RFC: https://github.com/vllm-project/vllm-ascend/issues/4629 Reason: There are various types of masks here, and some of them do not have a caching mechanism. As a result, the masks need to be initialized for each layer, leading to waste of video memory. At the same time, we hope to standardize the management and usage of masks. So we have gathered all the masks into the AttentionMaskBuilder class. Todo: 1. remove spec_attn_mask; @LICO1314 2. remove pcp_prefill_mask; @LICO1314 - vLLM version: v0.12.0 - vLLM main: ad32e3e19c --------- Signed-off-by: wangxiyuan <wangxiyuan1007@gmail.com> Signed-off-by: weijinqian_v1 <weijinqian@huawei.com> Signed-off-by: ZYang6263 <zy626375@gmail.com> Signed-off-by: ZYang6263 <50876451+ZYang6263@users.noreply.github.com> Signed-off-by: daishixun <dsxsteven@sina.com> Signed-off-by: lulina <lina.lulina@huawei.com> Signed-off-by: zengran <zengran2@huawei.com> Signed-off-by: shiro-zzzz <zhangdianhao@huawei.com> Signed-off-by: dependabot[bot] <support@github.com> Signed-off-by: 李少鹏 <lishaopeng21@huawei.com> Signed-off-by: xuyexiong <xuyexiong@huawei.com> Signed-off-by: MengqingCao <cmq0113@163.com> Signed-off-by: lhp-deep <liuhaopeng1@huawei.com> Signed-off-by: gcanlin <canlinguosdu@gmail.com> Signed-off-by: wangli <wangli858794774@gmail.com> Co-authored-by: wangxiyuan <wangxiyuan1007@gmail.com> Co-authored-by: Mengqing Cao <cmq0113@163.com> Co-authored-by: weijinqian_v1 <weijinqian@huawei.com> Co-authored-by: ZYang6263 <50876451+ZYang6263@users.noreply.github.com> Co-authored-by: dsxsteven <36877507+dsxsteven@users.noreply.github.com> Co-authored-by: LuLina <lina.lulina@huawei.com> Co-authored-by: zengzengran <zengran2@huawei.com> Co-authored-by: shiro-zzzz <zhangdianhao@huawei.com> Co-authored-by: dependabot[bot] <49699333+dependabot[bot]@users.noreply.github.com> Co-authored-by: shaopeng-666 <lishaopeng21@huawei.com> Co-authored-by: xuyexiong <xuyexiong@huawei.com> Co-authored-by: lhp-deep <liuhaopeng1@huawei.com> Co-authored-by: Canlin Guo <canlinguosdu@gmail.com> Co-authored-by: Li Wang <wangli858794774@gmail.com>
2025-12-09 18:51:00 +08:00
parent dee00d0de3
commit c331503677
6 changed files with 66 additions and 174 deletions
--- a/tests/ut/attention/test_attention_mask.py
+++ b/tests/ut/attention/test_attention_mask.py
@@ -21,58 +21,23 @@ from vllm_ascend.attention.attention_mask import AttentionMaskBuilder
 class TestAttentionMaskBuilder(TestBase):
    def test_init_attention_mask_builder(self):
        # generate attention_mask_builder with float16
        attention_mask_builder = AttentionMaskBuilder(max_seq_len=1024,
                                                      dtype=torch.float16)
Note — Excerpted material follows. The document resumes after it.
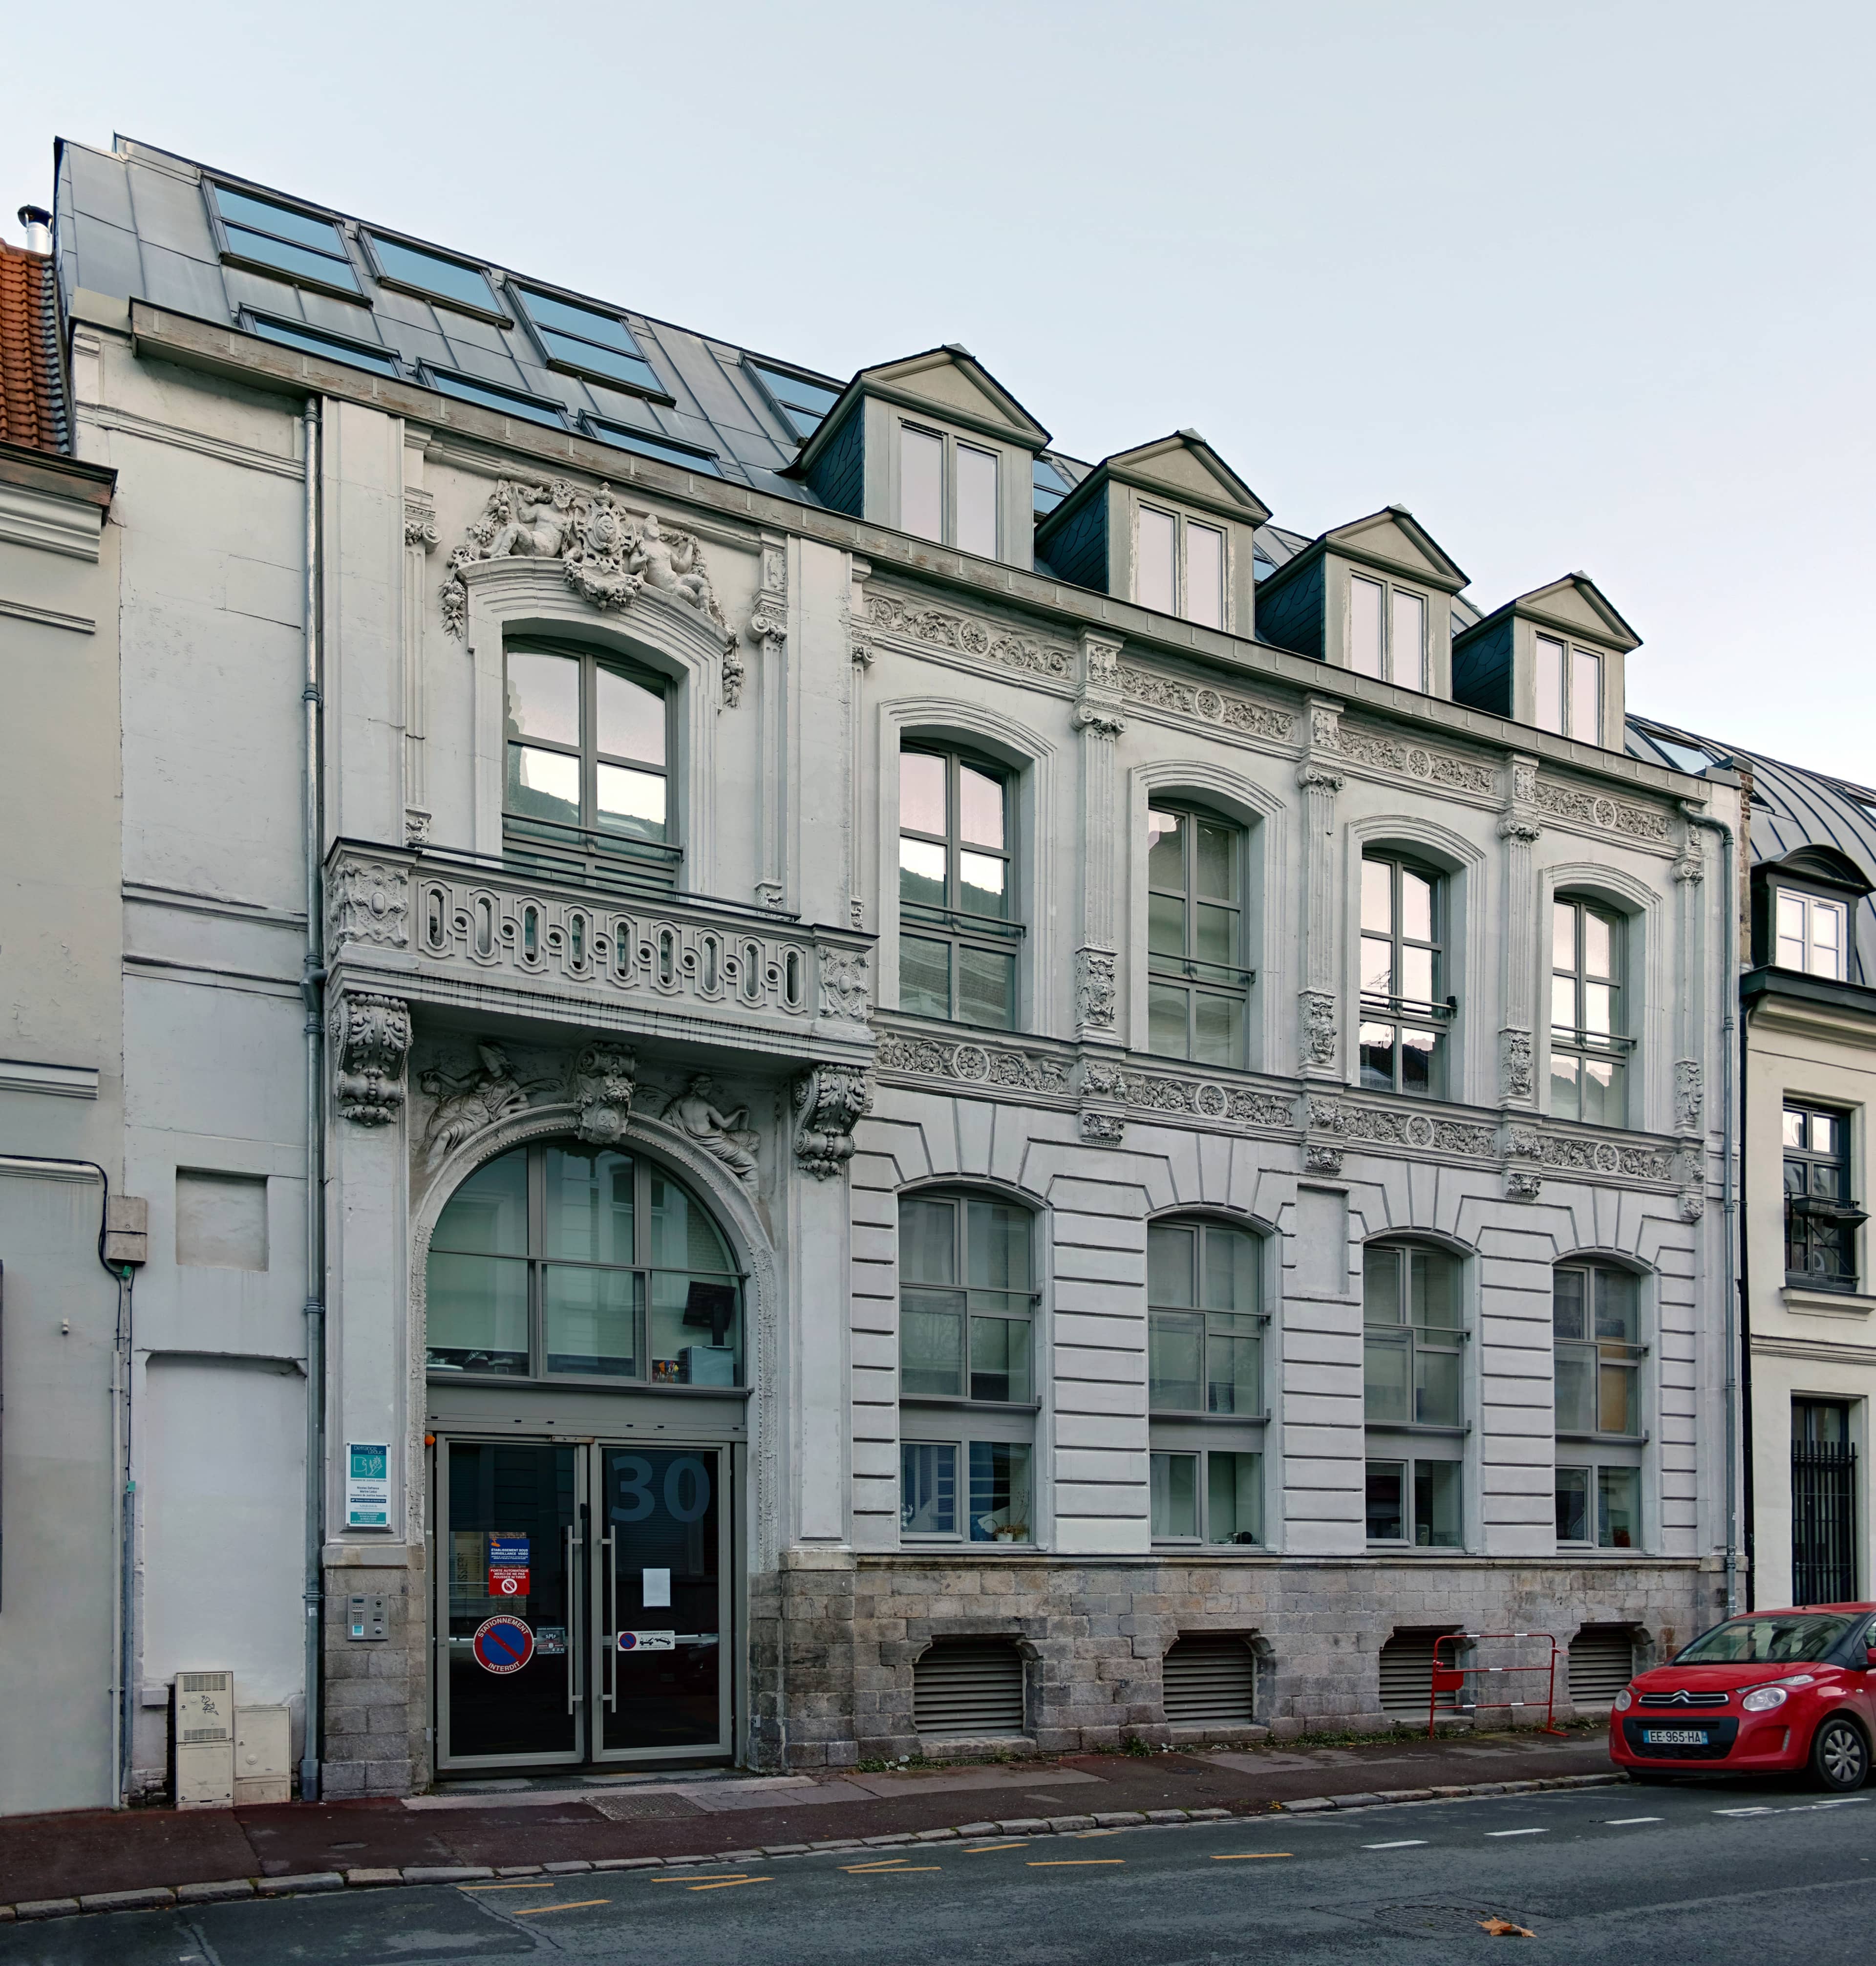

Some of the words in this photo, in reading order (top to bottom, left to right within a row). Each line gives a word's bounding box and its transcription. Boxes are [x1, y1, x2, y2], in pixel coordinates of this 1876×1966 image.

        self.assertEqual(attention_mask_builder._seq_len_cached, 1024)
        self.assertEqual(attention_mask_builder.attn_mask_cache.dtype,
                         torch.float16)
        self.assertEqual(attention_mask_builder.attn_mask_cache.shape,
                         (1024, 1024))
        self.assertEqual(attention_mask_builder.attn_mask_cache[0][-1],
                         torch.tensor(float("-inf"), dtype=torch.float16))
        # generate attention_mask_builder with bfloat16
        attention_mask_builder = AttentionMaskBuilder(max_seq_len=2048,
                                                      dtype=torch.bfloat16)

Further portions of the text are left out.